Механизм погружения в эту бездну можно сравнить с раскручиванием карусели. Некая деталь, образ, мысль, засевшая в сознании и странно меня волнующая, служит осью, вокруг которой, вначале неспешно покачиваясь, вразвалочку плывёт окрестное пространство… Затем хоровод прихватывает бегущие рядом мысли и образы; скорость вращения увеличивается, быстрее, быстрее… вскоре всё сливается в пёструю ленту, а затем и вовсе растворяется… Мир вздыхает и гаснет в жемчужном мареве, в питательной среде, способной взращивать самые причудливые фантомы…

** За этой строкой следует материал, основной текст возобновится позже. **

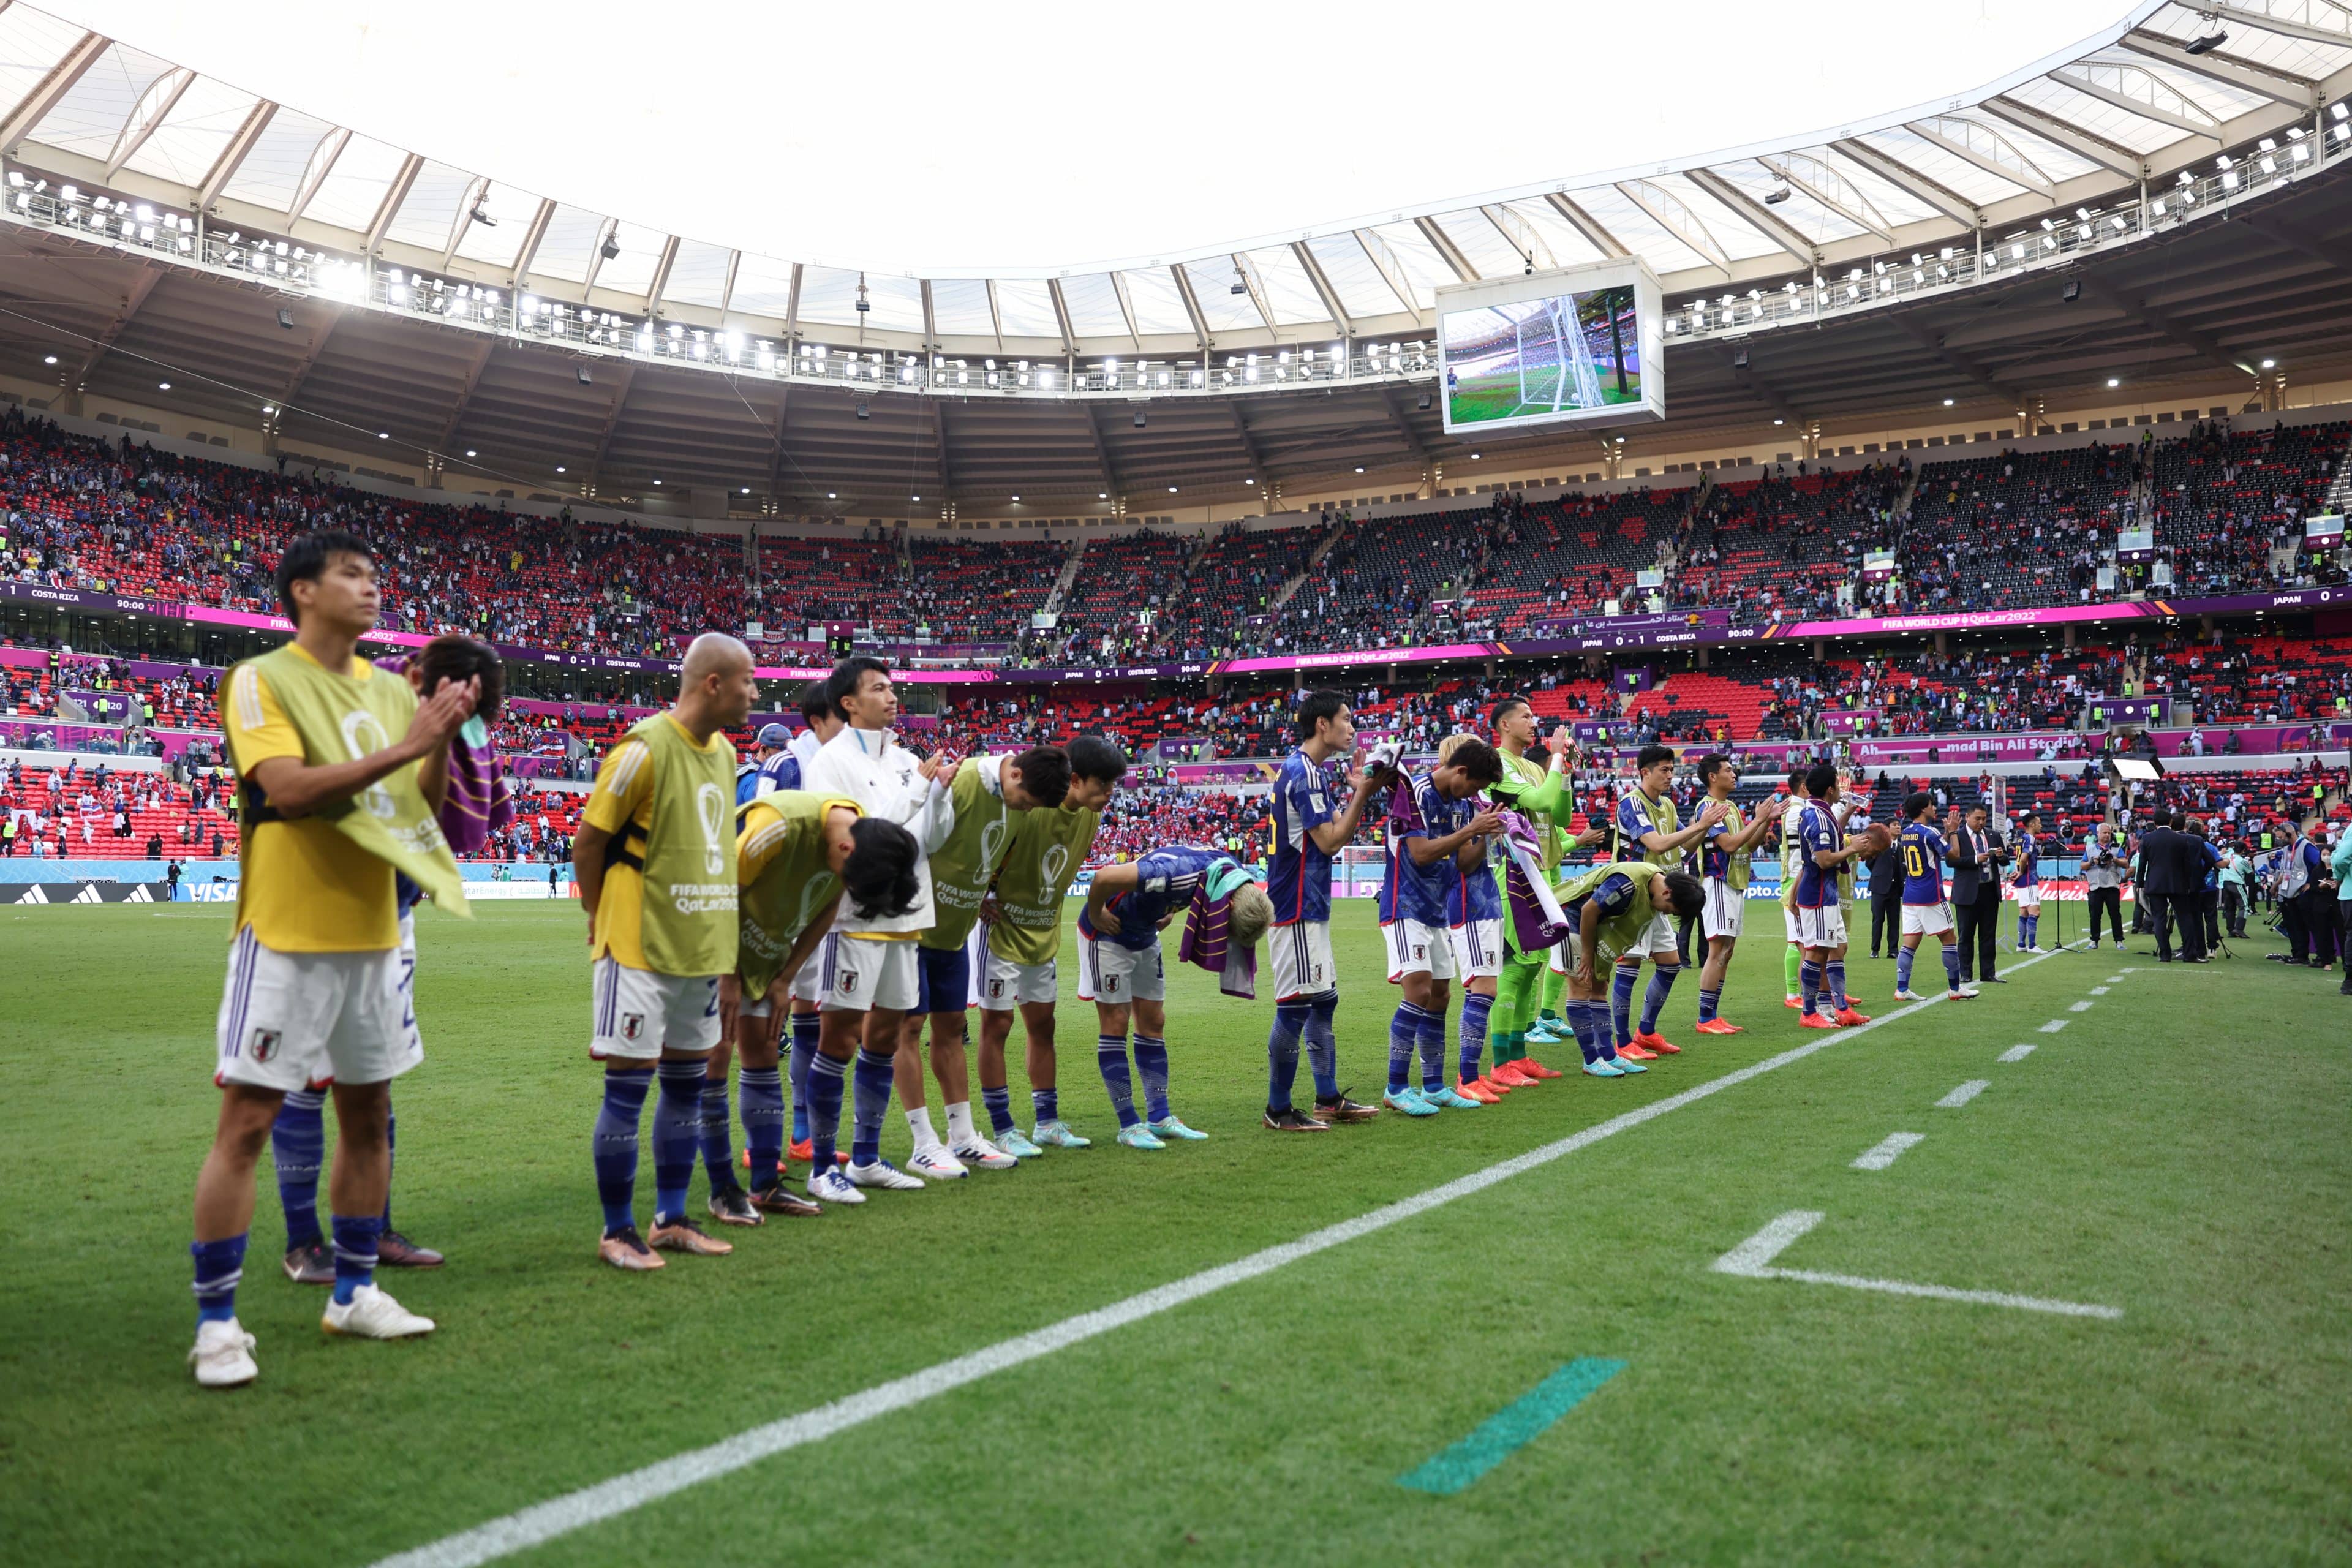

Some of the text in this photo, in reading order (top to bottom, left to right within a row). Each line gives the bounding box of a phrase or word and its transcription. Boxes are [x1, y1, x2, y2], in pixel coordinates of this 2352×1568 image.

Так пророс сквозь моё забытьё далёкий бабкин рёв. Я лежала в плакучем шатре старой ивы, под большой лиловой прорехой вроде окна; в ней остро вспыхивали ещё слабые звёзды, постепенно накаляясь, роясь и кружа…
– Ма-а-а-мелэ-э-э!
Почему я не отзывалась на этот умоляющий зов – мне до сих пор непонятно.
Продолжала тихо лежать, уплывая в звёздное окно плакучей ивы, плавясь в тихой истоме блаженного полуобморока…
В конце концов бабка набрела на меня, вздёрнула с земли, плача и ощупывая с головы до ног…
Мы поплелись домой: она – обессилевшая после стольких часов волнения и слёз, я – восставшая от странного сна.
Я ничего не объясняла, да и не смогла бы объяснить, и бабка, видимо, решила, что я просто заснула там, под деревом, потому и не успела испугаться темноты и кладбищенской заброшенности.